Frédéric Flacassier, directeur régional Afrique centrale de Razel-BEC, filiale du groupe Fayat.
(LVDE) – Fort d’une riche expérience dans le secteur des BTP, Frédéric Flacassier vient d’être nommé directeur régional Afrique centrale de la filiale du groupe Fayat, une région stratégique en pleine croissance.
La dynamique du secteur des travaux publics en Afrique centrale ne cesse de croître, et la société française Razel-BEC entend en tirer parti en plaçant à sa tête un acteur aguerri. Frédéric Flacassier, jusqu’alors responsable de la direction conjointe Tchad/RCA, a été nommé directeur régional Afrique centrale. Ce changement de leadership s’inscrit dans une stratégie plus large visant à renforcer l’empreinte de l’entreprise dans une région où les opportunités se multiplient.
Fort de ses vingt années d’expertise dans l’ingénierie des bâtiments et le management de projets d’infrastructures, Flacassier a précédemment dirigé la région Europe de Sogea-Satom pendant six ans avant de devenir directeur Afrique du groupe NGE. Son parcours impressionnant laisse présager une gestion efficace des projets à venir. Dans ses nouvelles fonctions, il supervisera cinq implantations clés : le Cameroun, le Congo, la République centrafricaine, le Tchad et la Guinée équatoriale.

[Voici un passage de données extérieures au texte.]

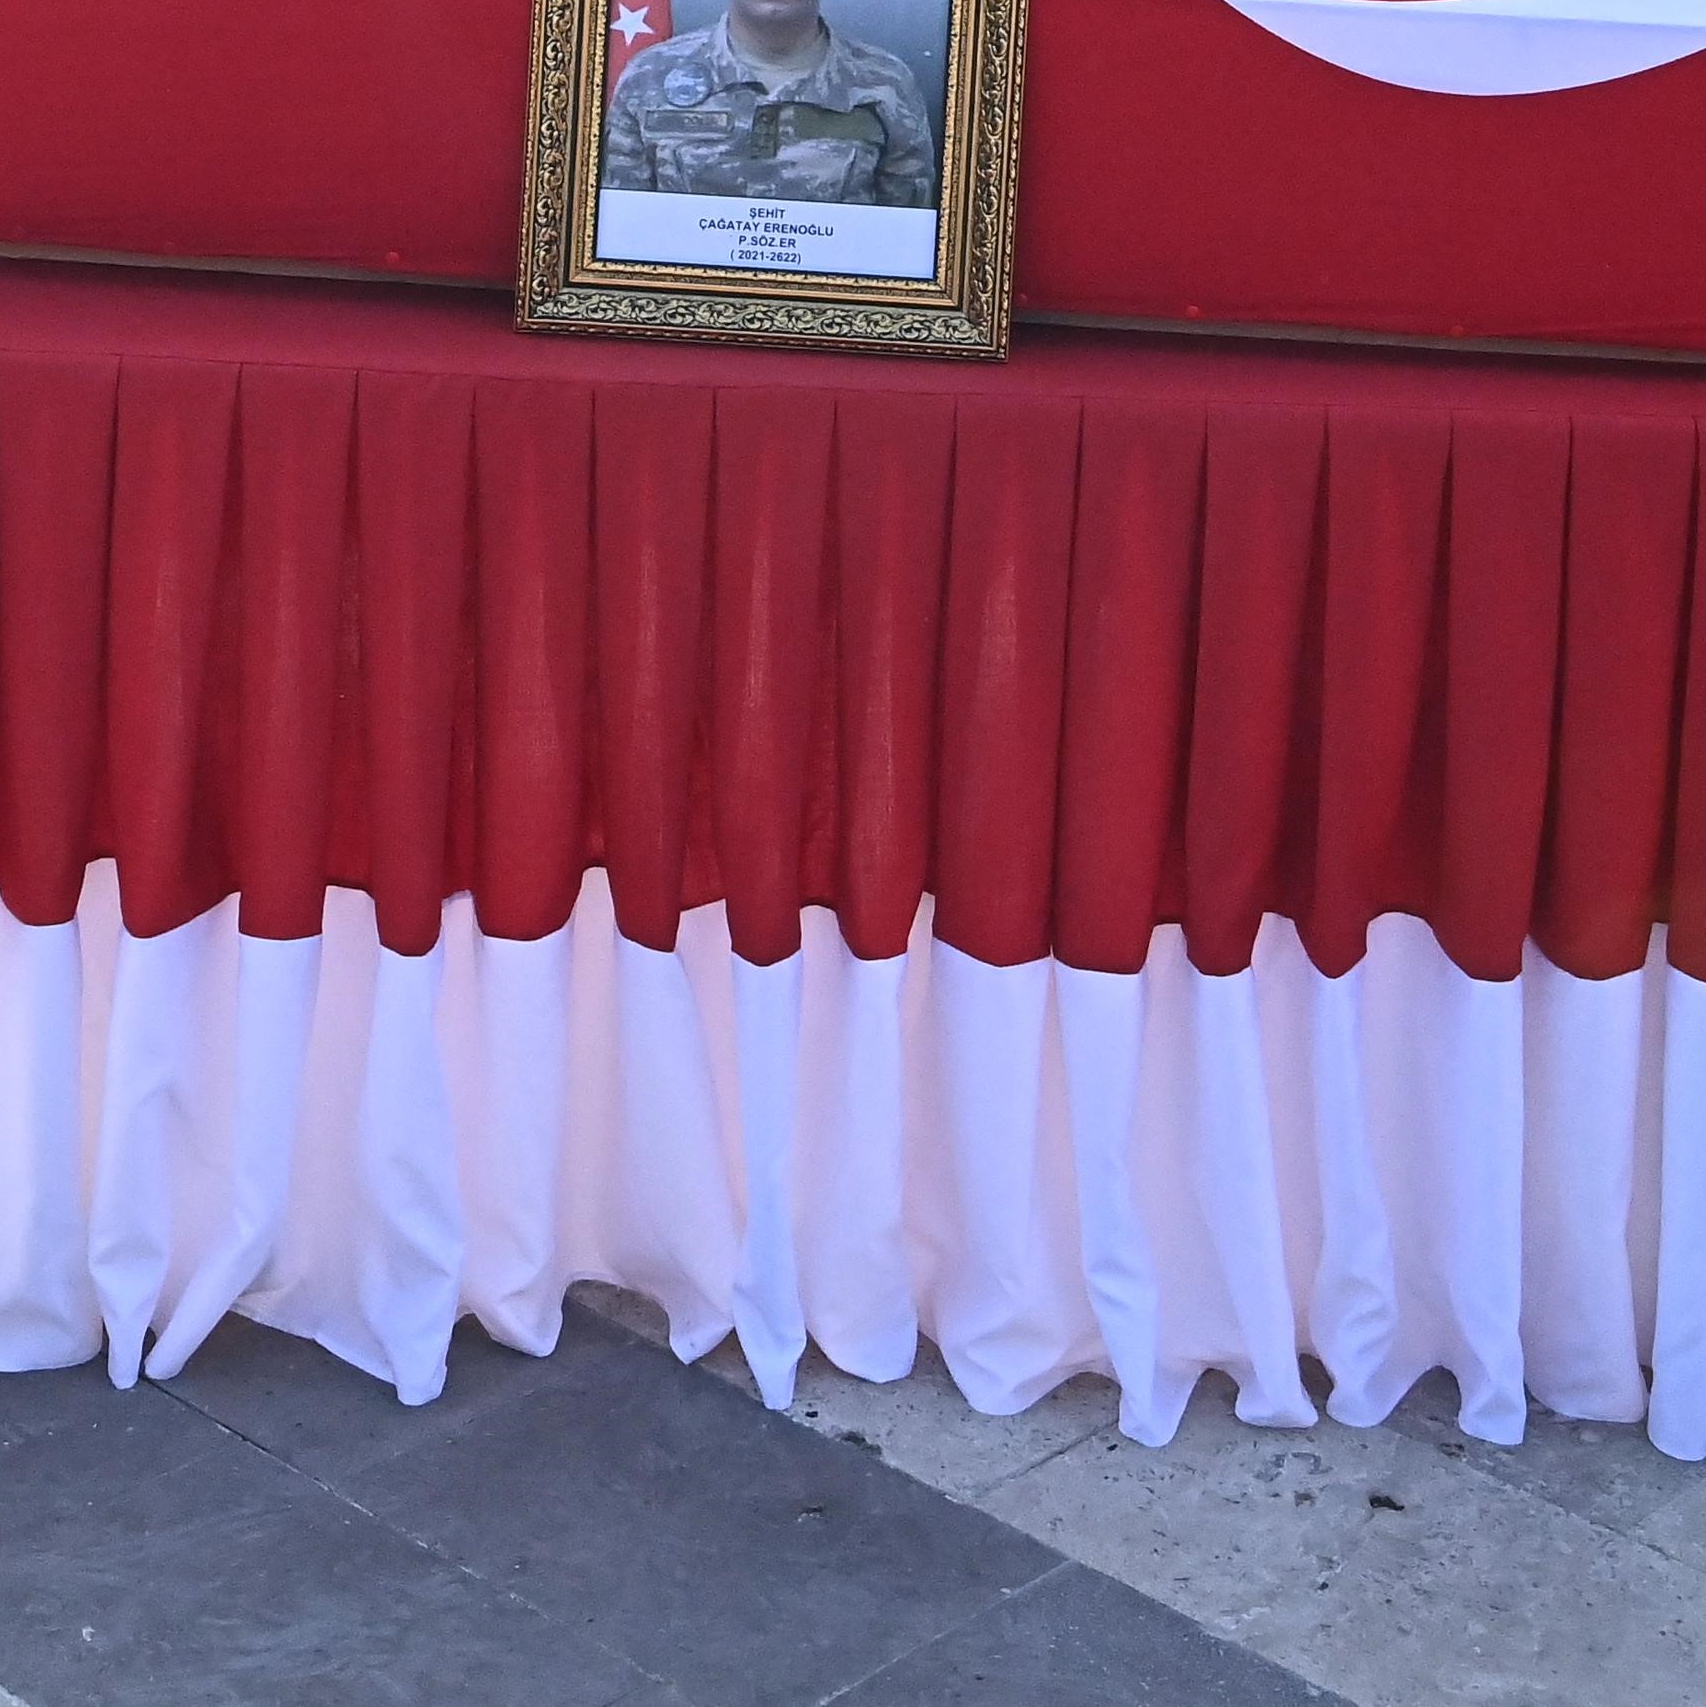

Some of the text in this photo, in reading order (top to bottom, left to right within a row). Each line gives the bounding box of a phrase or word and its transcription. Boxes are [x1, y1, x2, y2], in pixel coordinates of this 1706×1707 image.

[749, 207, 786, 219] ŞEHİT
[698, 218, 834, 236] ÇAĞATAY ERENOĞLU

La nomination de Flacassier coïncide avec une période de croissance économique prometteuse en Afrique centrale. Razel-BEC vise à augmenter la contribution du continent à 40 % de son chiffre d’affaires global. En 2023, les activités africaines de l’entreprise ont généré 263,2 millions d’euros, représentant 25,7 % du chiffre d’affaires total, fixé à 1,1 milliard d’euros. Plus spécifiquement, la part de l’Afrique centrale est de 105 millions d’euros, avec une grande part provenant de la filiale camerounaise.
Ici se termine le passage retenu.